The Museum of Chinese in the Americas (MoCA) examines a central image of Chinese American life – the Chinese restaurant, in Have You Eaten Yet?: The Chinese Restaurant in America, an exhibit that caps the Museum’s food and restaurant-themed season. Often the first introduction to Chinese culture for many Americans, the Chinese restaurant has functioned since the nineteenth century as a site of cultural exchange. Have You Eaten Yet? traces the Chinese restaurant’s origin and growth in America, and explores how these cultural negotiations have been made over time. It takes a revealing look at
Young Entrepreneur perceptions and expectations through historical menu collections, travel diary entries, and Chinese food myths.

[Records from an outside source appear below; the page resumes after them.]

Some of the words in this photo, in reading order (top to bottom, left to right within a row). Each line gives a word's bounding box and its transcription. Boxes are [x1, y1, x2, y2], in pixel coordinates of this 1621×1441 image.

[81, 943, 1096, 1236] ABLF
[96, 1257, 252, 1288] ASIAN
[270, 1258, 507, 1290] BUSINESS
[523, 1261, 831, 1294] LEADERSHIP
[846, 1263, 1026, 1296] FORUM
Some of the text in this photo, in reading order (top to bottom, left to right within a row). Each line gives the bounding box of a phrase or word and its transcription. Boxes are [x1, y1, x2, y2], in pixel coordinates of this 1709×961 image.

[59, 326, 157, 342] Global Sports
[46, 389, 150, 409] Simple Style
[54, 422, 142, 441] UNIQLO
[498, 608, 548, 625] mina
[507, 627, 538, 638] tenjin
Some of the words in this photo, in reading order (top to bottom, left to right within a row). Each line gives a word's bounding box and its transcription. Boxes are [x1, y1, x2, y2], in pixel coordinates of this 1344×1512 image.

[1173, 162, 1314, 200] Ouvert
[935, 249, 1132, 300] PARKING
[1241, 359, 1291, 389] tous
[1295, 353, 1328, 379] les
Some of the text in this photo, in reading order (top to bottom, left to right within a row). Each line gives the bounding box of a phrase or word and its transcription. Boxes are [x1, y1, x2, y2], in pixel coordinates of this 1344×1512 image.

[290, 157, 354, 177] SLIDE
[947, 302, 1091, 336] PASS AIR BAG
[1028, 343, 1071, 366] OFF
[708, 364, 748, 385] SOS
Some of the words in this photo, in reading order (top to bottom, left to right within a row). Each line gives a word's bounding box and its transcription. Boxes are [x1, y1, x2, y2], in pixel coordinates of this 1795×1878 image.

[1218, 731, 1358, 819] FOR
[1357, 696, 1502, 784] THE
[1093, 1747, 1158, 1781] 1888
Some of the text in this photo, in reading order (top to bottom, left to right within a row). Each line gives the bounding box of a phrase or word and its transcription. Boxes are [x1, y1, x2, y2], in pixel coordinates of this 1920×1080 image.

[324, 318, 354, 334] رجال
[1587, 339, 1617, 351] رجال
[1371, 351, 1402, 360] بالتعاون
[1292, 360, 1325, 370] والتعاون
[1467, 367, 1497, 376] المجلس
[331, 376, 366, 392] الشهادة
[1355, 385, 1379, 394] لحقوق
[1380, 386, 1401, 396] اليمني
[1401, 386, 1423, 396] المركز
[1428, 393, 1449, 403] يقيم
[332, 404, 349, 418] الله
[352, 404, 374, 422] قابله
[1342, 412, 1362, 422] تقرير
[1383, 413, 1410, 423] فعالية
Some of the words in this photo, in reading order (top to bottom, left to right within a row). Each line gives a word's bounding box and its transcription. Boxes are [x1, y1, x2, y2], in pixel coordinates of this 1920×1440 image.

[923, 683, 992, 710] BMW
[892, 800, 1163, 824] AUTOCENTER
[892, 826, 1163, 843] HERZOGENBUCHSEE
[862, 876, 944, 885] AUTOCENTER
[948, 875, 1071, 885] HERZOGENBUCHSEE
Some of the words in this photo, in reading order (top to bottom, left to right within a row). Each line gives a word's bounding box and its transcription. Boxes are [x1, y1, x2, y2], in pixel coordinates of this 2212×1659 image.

“Have you eaten yet,” is a standard Chinese greeting sharing the same connotation as “how are you?” Its incorporation into the daily vernacular attests to the significance of food in the Chinese culture, where meals are a fusion of art and entertainment and a venue for dialogue and reconnecting with family, friends and guests. MoCA’s exhibit similarly melds food, art and dialogue with an engaging design by graphic artist team Pei Hsieh and Stephanie Reyer. Hsieh and Reyer team with curators Cynthia Lee and Yong Chen to examine the saga of Chinese restaurants through an impressive collection of menus, objects and souvenirs, many of which are from the collection of Harley Spiller.
The exhibit is organized by thematic progression, spanning the earliest “chow chow” restaurants of the West in the mid-1800s; to the nightclub dinner shows of the 1940s; through President Nixon’s visit to China renewing interest in “authentic” Chinese cuisine in the 1970s; up through the take-out culture of today. Visitors will be able to hear vintage radio commercials and excerpts of pop hits that have immortalized Chinese dishes like chop suey and chow mein. Items like menus, glassware and postcards show how Chinese food entrepreneurs have employed exoticism and the ignorance of the curious consumer to attract business. Responding to a call for stories and photographs, families and employees have submitted their own intimate portraits of working in Chinese restaurants and are sharing these revealing narratives in Have You Eaten Yet?
In conjunction with Have You Eaten Yet?, MoCA will hold related programming through June 2005. This includes screenings of Chinese Restaurants, a thirteen-part documentary series by Canadian filmmaker Cheuk Kwan. The documentary takes Kwan to restaurants around the globe, bringing the audience into the lives of extraordinary families as they share moving stories of struggle, courage, displacement and belonging, and what it means to be “Chinese” today. Screenings will be held in September, November, January, March and May around New York City. MoCA will also co-sponsor a program with the New York University Asian/Pacific/American Studies Program and Institute on October 2nd, 2004 featuring chef/food writer Grace Young and photographer Alan Richardson. Their new book The Breath of a Wok chronicles their journey to China to uncover the history and modernization of the wok – the workhorse of the Chinese kitchen. The program will be held at the Asian/Pacific/American Studies Program and Institute, New York University, 269 Mercer Street, Suite 609.